The main purpose here is to limit code duplication across our other public repositories.
We ensured that most functions/ classes contain Python Docstrings such that automatic tooltips for most functions are supported. It was deliberately decided against a lengthy documentation: most emphasis is put on the Python Docstrings and code readability itself.
Without going through all functions, we here select two examples which demonstrate why we rely on this very implementation.
The Short-time Fourier transform (STFT) is a widely used feature extraction method when dealing with time series such as audio/ speech. Most repositories, including Deep Learning frameworks such as TensorFlow, provide an STFT implementation. However, it is rarely seen, that these implementations allow an exact reconstruction when applying the STFT followed by an inverse STFT.

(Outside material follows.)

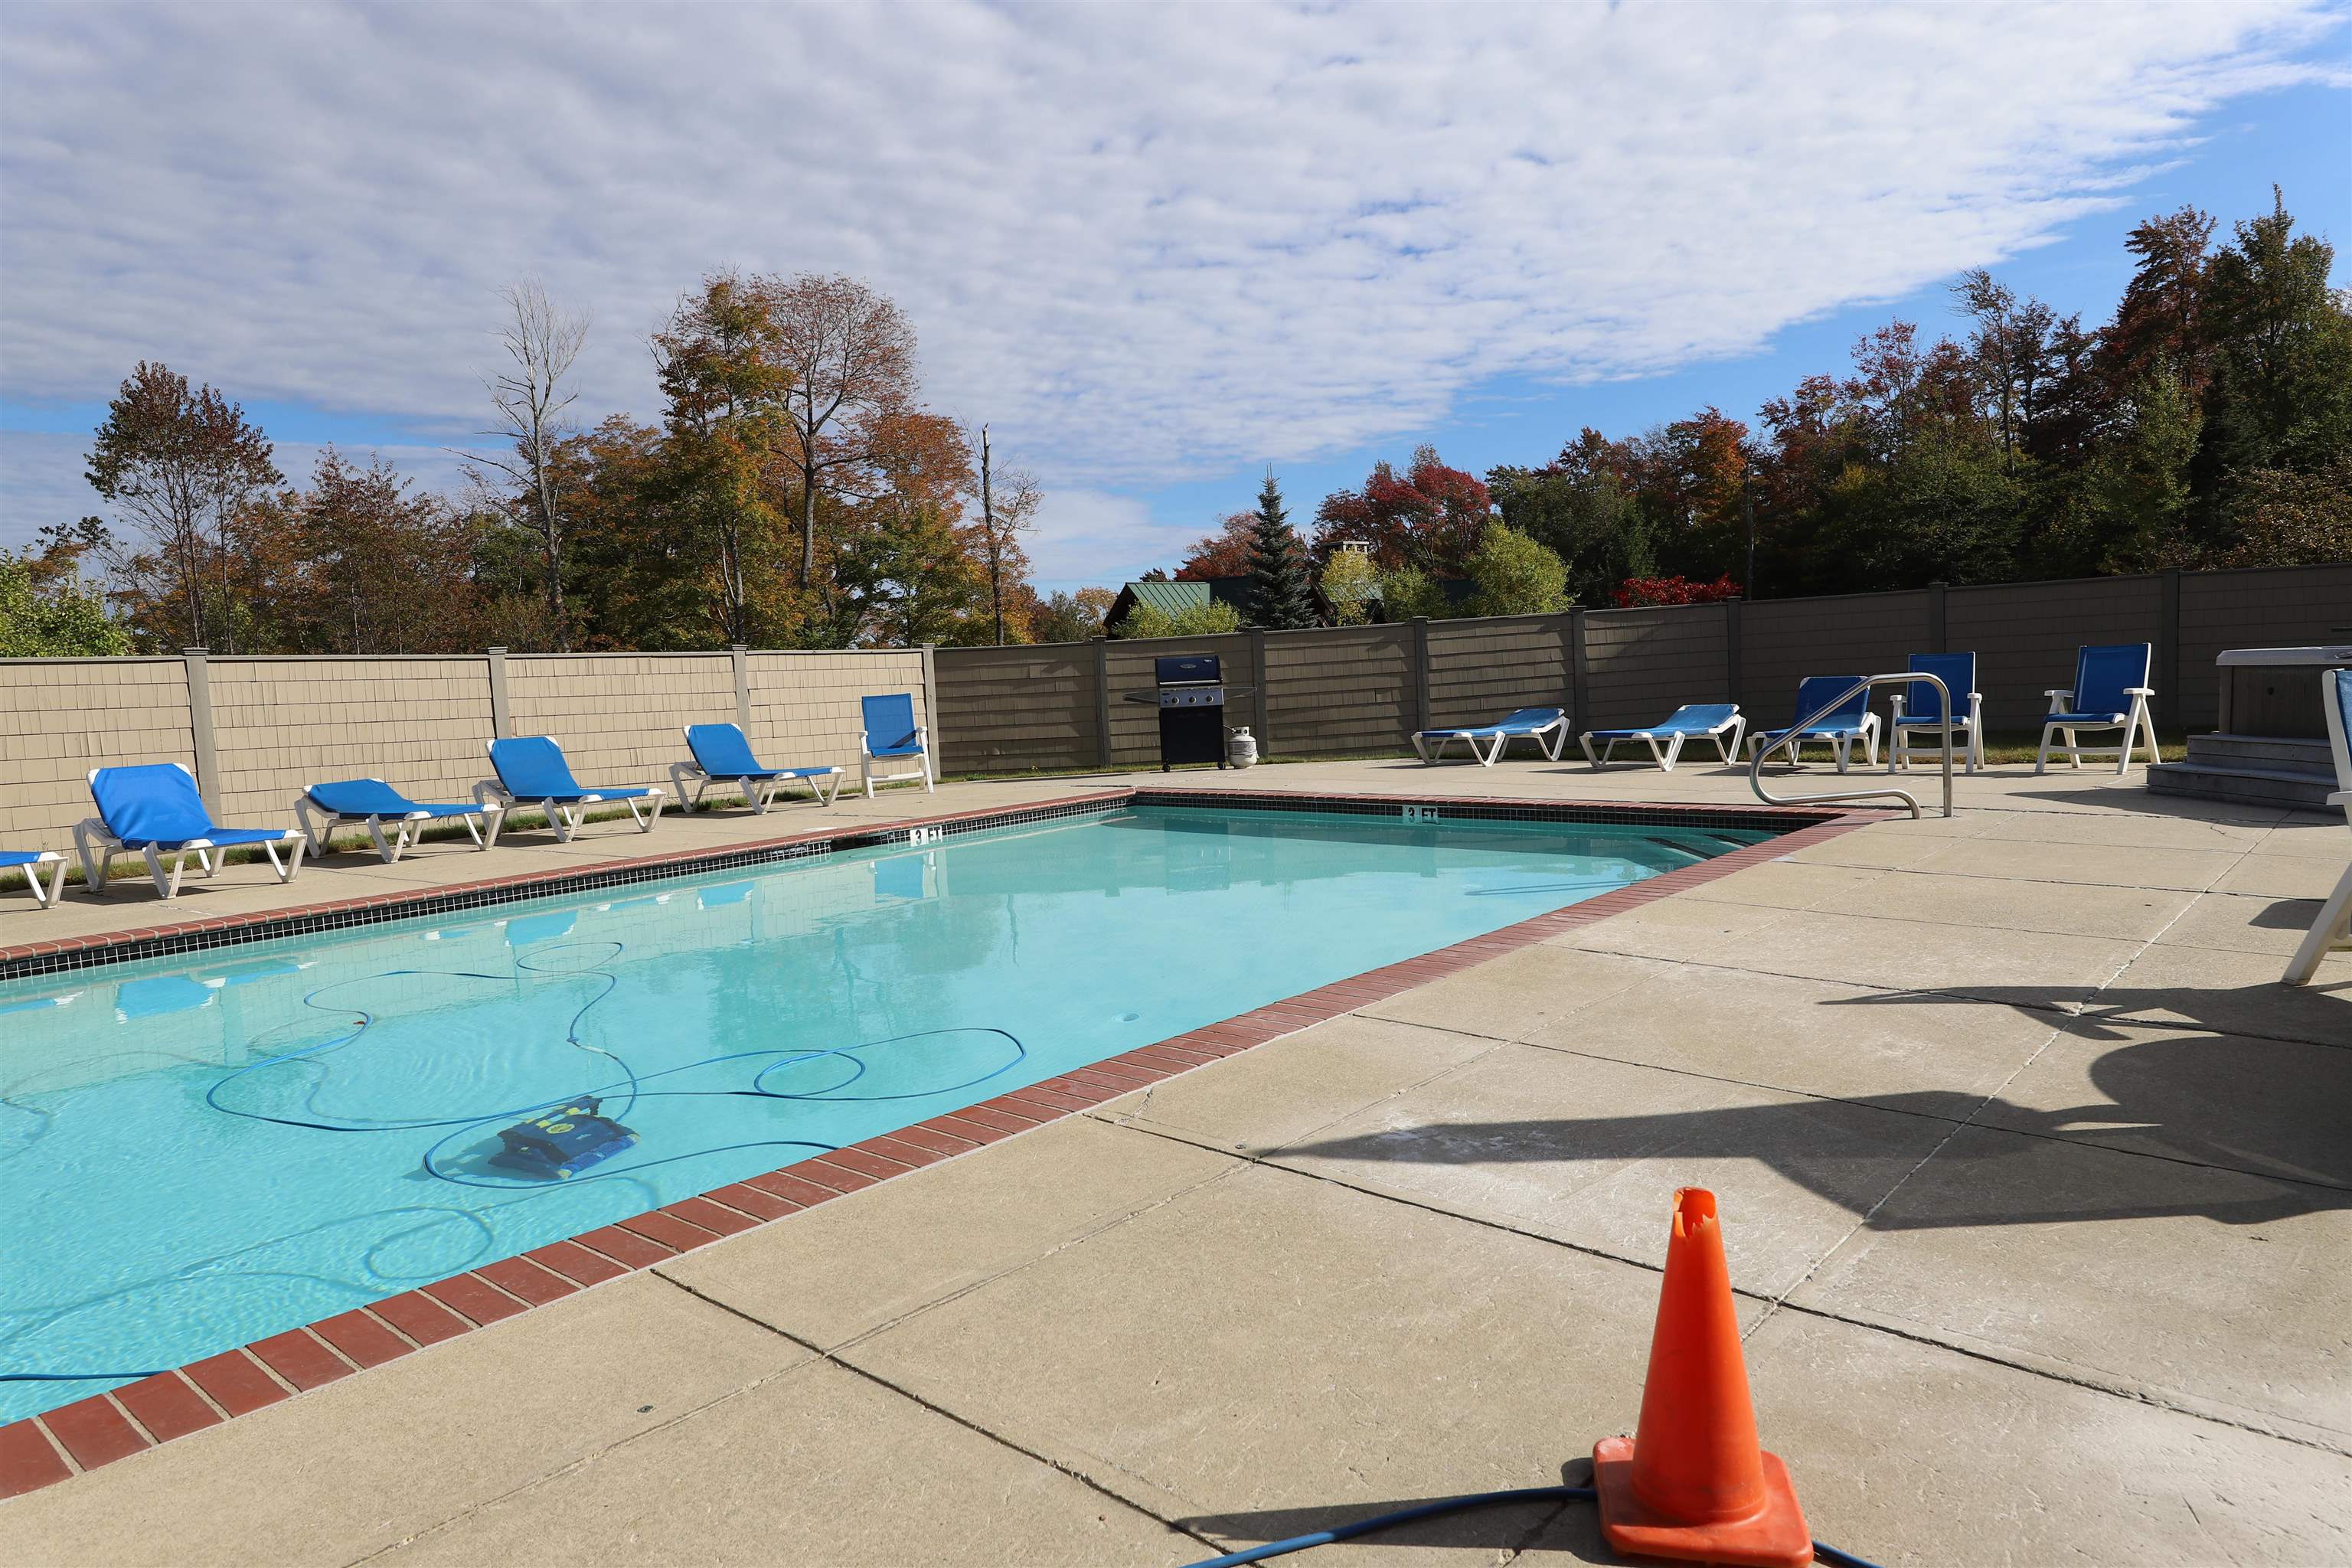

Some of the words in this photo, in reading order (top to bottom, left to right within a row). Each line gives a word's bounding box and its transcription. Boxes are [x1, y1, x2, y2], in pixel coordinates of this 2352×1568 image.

Two important issues often overseen are:
- How do I need to calculate the biorthogonal reconstruction window when using any STFT window function?
- How much padding depeding on STFT window length, DFT length, and shift is needed to compensate for fade-in, fade-out, and uneven signal length?

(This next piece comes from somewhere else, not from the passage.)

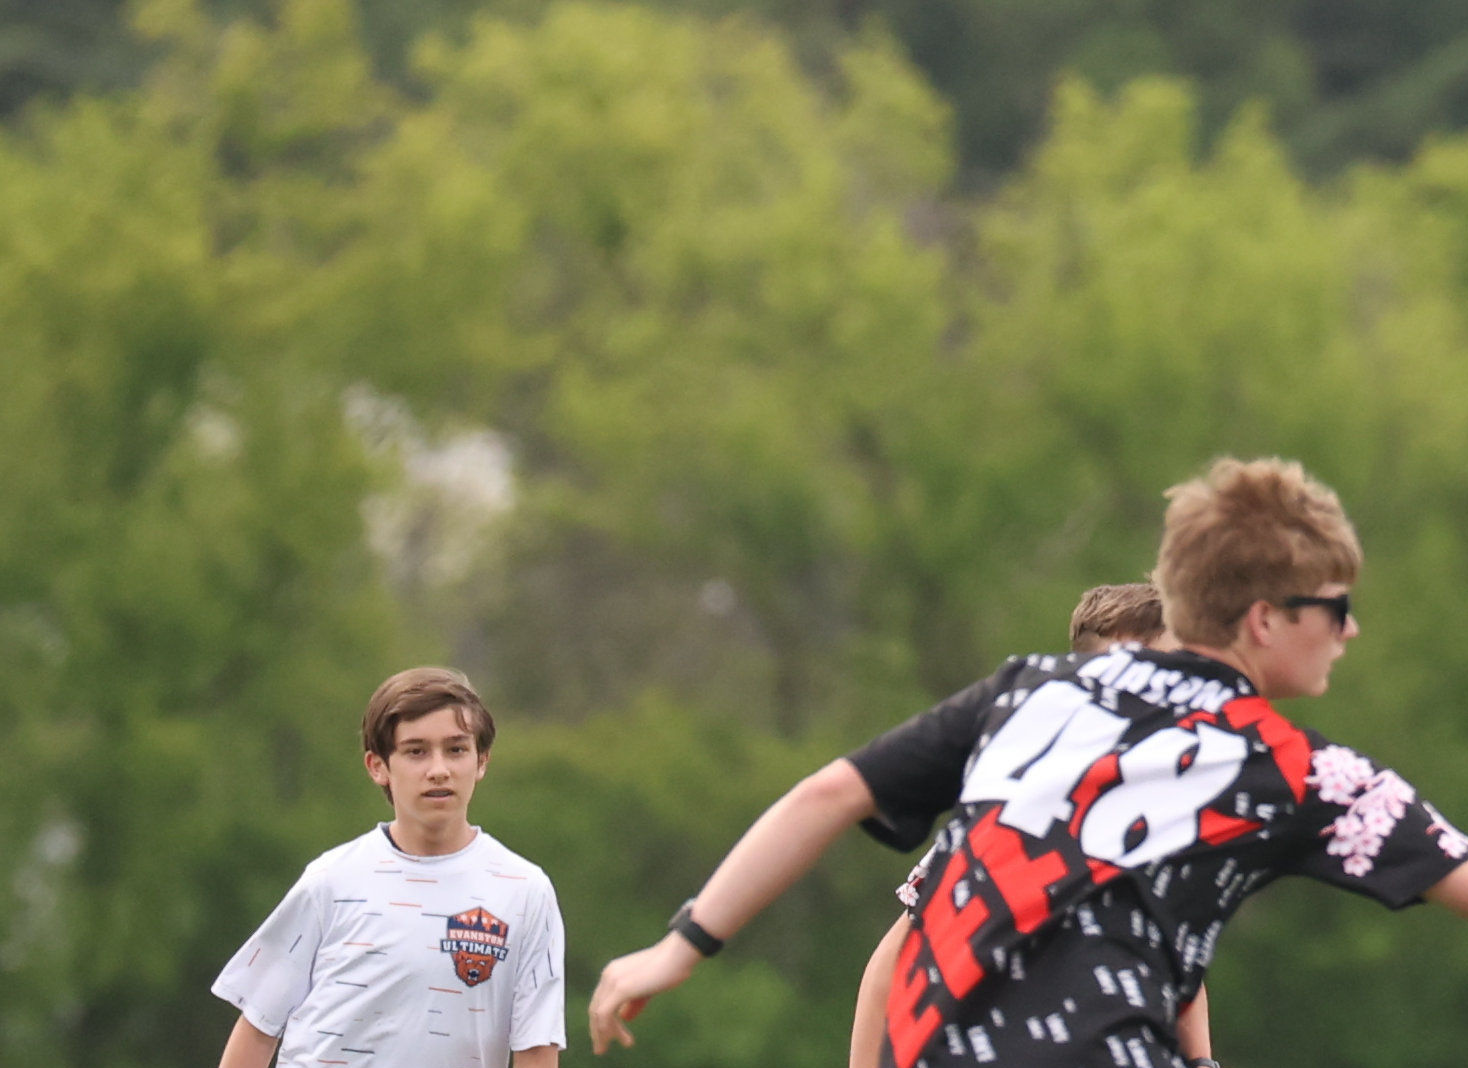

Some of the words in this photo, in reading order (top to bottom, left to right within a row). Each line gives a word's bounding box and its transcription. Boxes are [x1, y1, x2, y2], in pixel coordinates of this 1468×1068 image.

[960, 680, 1249, 869] 48
[449, 929, 505, 946] EVANSTON
[442, 940, 508, 960] ULTIMATE

Our STFT implementation addresses aforementioned issues, can operate on any number of independent dimensions and is already battle tested in our publications on audio/ speech since 2015. Numerous STFT tests ensure that the code remains stable and in particular test for the aforementioned problems.
The function paderbox.play.play()
is a somewhat elaborated wrapper around IPython.display.Audio
.
A single function allows to play audio from the waveform, from the STFT signal, and from file.

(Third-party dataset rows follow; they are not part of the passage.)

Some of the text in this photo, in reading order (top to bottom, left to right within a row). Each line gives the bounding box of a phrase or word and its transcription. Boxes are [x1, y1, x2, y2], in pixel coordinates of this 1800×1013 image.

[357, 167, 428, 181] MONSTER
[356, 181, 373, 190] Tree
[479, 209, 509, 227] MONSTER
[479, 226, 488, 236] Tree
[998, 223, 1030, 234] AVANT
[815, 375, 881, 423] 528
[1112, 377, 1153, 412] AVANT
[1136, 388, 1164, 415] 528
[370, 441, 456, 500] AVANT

It therefore serves as a great tool within Jupyter Notebooks and helps for quick inspection of simulation results.
Install it from PyPI with pip
pip install paderbox[all]
The [all]
flag is optional and indicates to install all dependencies.
Remove it, when you want to have the minimal dependencies.
Alternatively, you can clone this repository and install it as follows
git clone https://github.com/fgnt/paderbox.git
cd paderbox
pip install --editable .[all]
There is no clear way how to cite this repository for research. However, we would be grateful for direct imports from this repository if you use, e.g., the STFT. We are also fine when you copy the code as long as it remains visible where you copied the code from.
If you use one of our other repositories relying on this work we would be thankful if you respect citation hints for that repository.